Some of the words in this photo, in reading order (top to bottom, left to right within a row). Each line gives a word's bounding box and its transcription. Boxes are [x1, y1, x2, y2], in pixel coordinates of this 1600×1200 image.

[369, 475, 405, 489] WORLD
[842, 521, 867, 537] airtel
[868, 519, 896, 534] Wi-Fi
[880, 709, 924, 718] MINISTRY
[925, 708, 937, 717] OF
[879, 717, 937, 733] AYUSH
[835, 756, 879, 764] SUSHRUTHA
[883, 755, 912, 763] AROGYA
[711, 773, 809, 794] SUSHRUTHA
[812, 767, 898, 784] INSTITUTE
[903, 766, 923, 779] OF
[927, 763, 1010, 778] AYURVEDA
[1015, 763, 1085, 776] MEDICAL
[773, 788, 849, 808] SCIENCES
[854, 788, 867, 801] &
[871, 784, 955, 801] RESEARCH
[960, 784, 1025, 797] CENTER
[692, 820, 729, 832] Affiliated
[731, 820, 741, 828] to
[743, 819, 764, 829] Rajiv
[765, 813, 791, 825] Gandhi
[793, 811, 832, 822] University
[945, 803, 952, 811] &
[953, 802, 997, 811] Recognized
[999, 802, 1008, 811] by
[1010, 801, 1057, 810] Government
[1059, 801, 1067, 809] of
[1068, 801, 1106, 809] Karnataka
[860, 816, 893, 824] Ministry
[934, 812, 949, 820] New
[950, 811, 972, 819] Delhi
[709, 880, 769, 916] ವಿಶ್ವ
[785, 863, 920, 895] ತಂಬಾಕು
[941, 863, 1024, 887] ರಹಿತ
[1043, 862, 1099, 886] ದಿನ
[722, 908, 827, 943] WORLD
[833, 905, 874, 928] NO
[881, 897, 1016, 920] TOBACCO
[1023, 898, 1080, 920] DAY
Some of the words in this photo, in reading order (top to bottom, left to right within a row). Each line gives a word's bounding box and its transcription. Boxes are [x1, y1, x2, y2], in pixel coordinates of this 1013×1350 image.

::::

▶ Task objective: Print the full listing again, word for word.

▶ Problem solution:
Some of the words in this photo, in reading order (top to bottom, left to right within a row). Each line gives a word's bounding box and its transcription. Boxes are [x1, y1, x2, y2], in pixel coordinates of this 1600×1200 image.

[369, 475, 405, 489] WORLD
[842, 521, 867, 537] airtel
[868, 519, 896, 534] Wi-Fi
[880, 709, 924, 718] MINISTRY
[925, 708, 937, 717] OF
[879, 717, 937, 733] AYUSH
[835, 756, 879, 764] SUSHRUTHA
[883, 755, 912, 763] AROGYA
[711, 773, 809, 794] SUSHRUTHA
[812, 767, 898, 784] INSTITUTE
[903, 766, 923, 779] OF
[927, 763, 1010, 778] AYURVEDA
[1015, 763, 1085, 776] MEDICAL
[773, 788, 849, 808] SCIENCES
[854, 788, 867, 801] &
[871, 784, 955, 801] RESEARCH
[960, 784, 1025, 797] CENTER
[692, 820, 729, 832] Affiliated
[731, 820, 741, 828] to
[743, 819, 764, 829] Rajiv
[765, 813, 791, 825] Gandhi
[793, 811, 832, 822] University
[945, 803, 952, 811] &
[953, 802, 997, 811] Recognized
[999, 802, 1008, 811] by
[1010, 801, 1057, 810] Government
[1059, 801, 1067, 809] of
[1068, 801, 1106, 809] Karnataka
[860, 816, 893, 824] Ministry
[934, 812, 949, 820] New
[950, 811, 972, 819] Delhi
[709, 880, 769, 916] ವಿಶ್ವ
[785, 863, 920, 895] ತಂಬಾಕು
[941, 863, 1024, 887] ರಹಿತ
[1043, 862, 1099, 886] ದಿನ
[722, 908, 827, 943] WORLD
[833, 905, 874, 928] NO
[881, 897, 1016, 920] TOBACCO
[1023, 898, 1080, 920] DAY
Some of the words in this photo, in reading order (top to bottom, left to right within a row). Each line gives a word's bounding box and its transcription. Boxes are [x1, y1, x2, y2], in pixel coordinates of this 1013×1350 image.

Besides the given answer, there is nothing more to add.